CME, Silicon data to launch GPU rental-rate futures
CME Group and Silicon Data plan futures tied to Silicon Data’s daily GPU rental-rate index, pending CFTC approval and targeting a late-2025 debut.
CME Group and Silicon Data plan to offer futures contracts tied to Silicon Data’s daily benchmark for on-demand GPU rental rates. The contracts would let market participants trade the cost of renting GPUs using Silicon Data’s index as the reference price.
Silicon Data’s benchmark records daily rental rates for GPUs across cloud providers and rental platforms. The company describes the index as the first standardized pricing measure for compute resources. CME listed target users as traders, banks, AI builders and cloud-service providers.
Firms that plan large AI training runs could use the contracts to lock in rental rates ahead of work. Cloud providers and GPU rental platforms could sell contracts to secure revenue at current price levels. Traders could take positions on where GPU prices will move.
The Commodity Futures Trading Commission must approve any new futures product. Regulators will assess whether Silicon Data’s benchmarks are transparent and representative enough to serve as the underlying for a regulated derivative. The compute rental market spans multiple cloud providers, reseller platforms and hardware types, each with different pricing models and contract terms. Those differences could complicate index construction and raise questions about coverage.
Market depth is another issue. Futures require active buying and selling to function. CME pointed to early Bitcoin futures, which had thin volumes before wider institutional adoption.

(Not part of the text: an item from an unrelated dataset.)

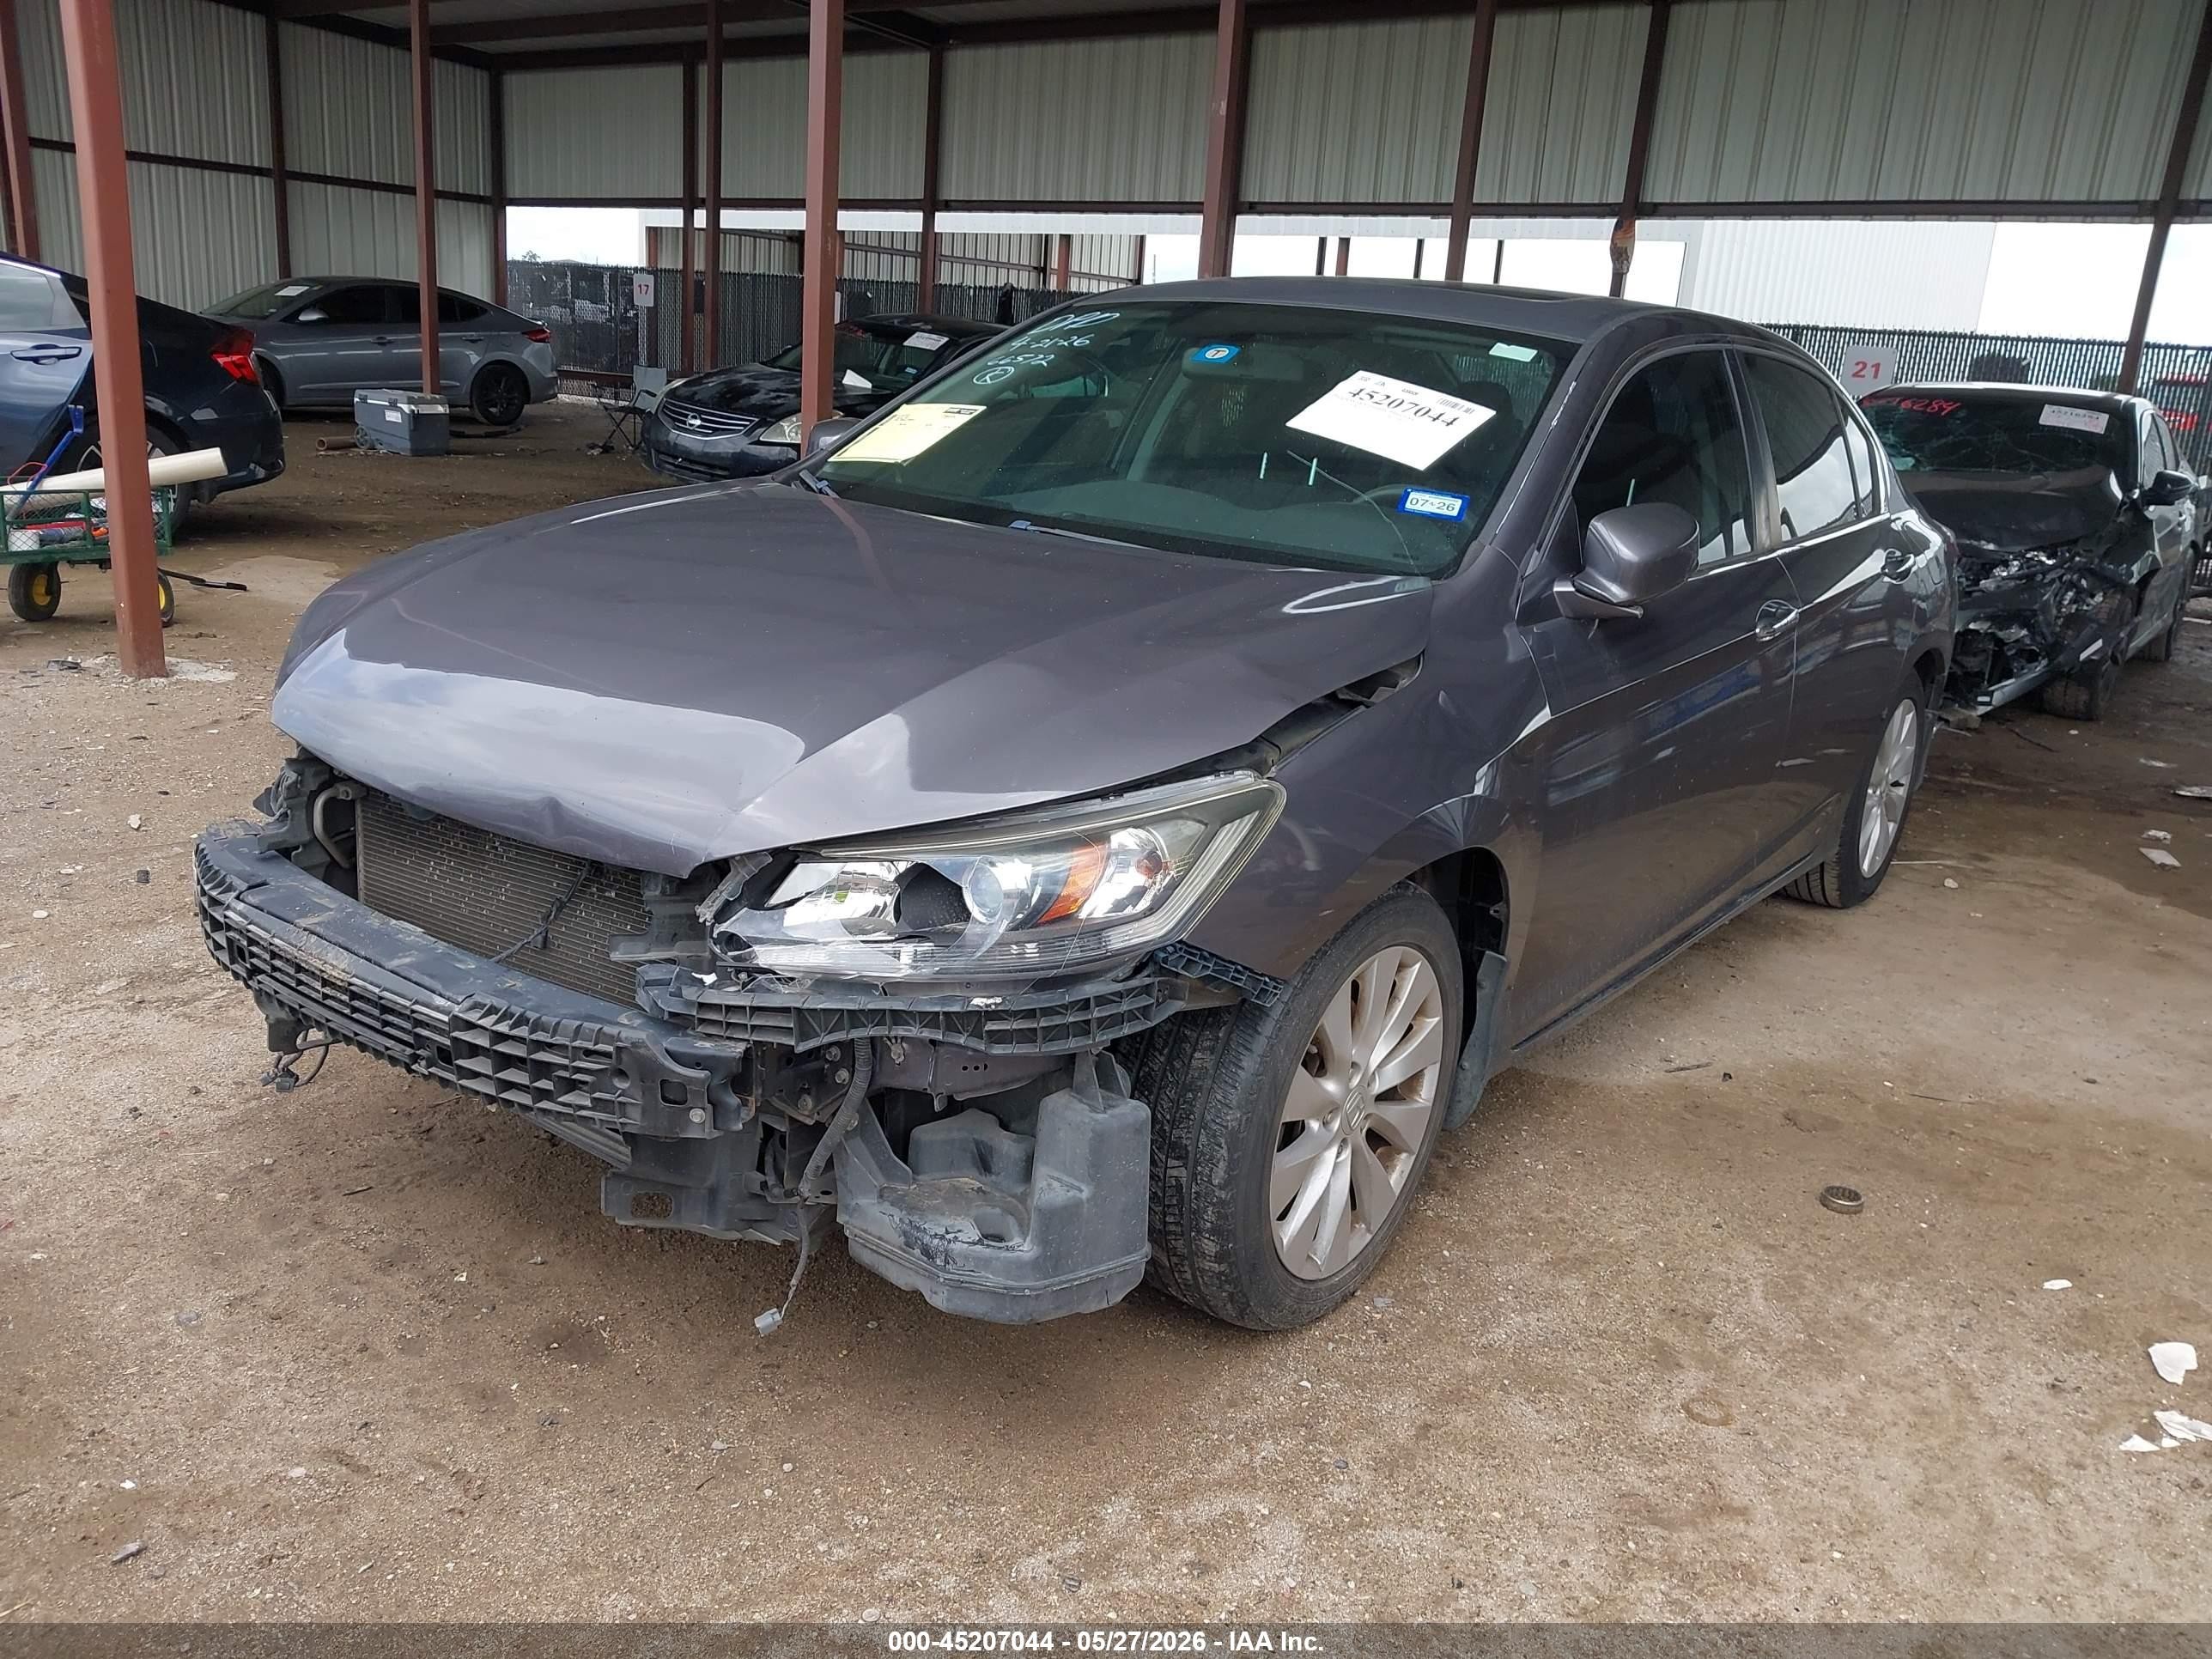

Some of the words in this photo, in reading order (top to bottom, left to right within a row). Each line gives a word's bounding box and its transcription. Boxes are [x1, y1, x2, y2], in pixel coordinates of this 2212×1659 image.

[638, 283, 649, 295] 17
[1851, 361, 1881, 380] 21
[1348, 387, 1460, 428] 45207044

If AI builders and cloud customers do not adopt derivatives for cost management quickly, the contracts could see limited early trading.
CME’s release described the products as allowing market participants to “manage volatility and price risk associated with the multi-trillion-dollar compute market.” The companies expect regulatory review this year and aim for a late-2025 launch if approvals are granted and benchmark standards meet CFTC requirements.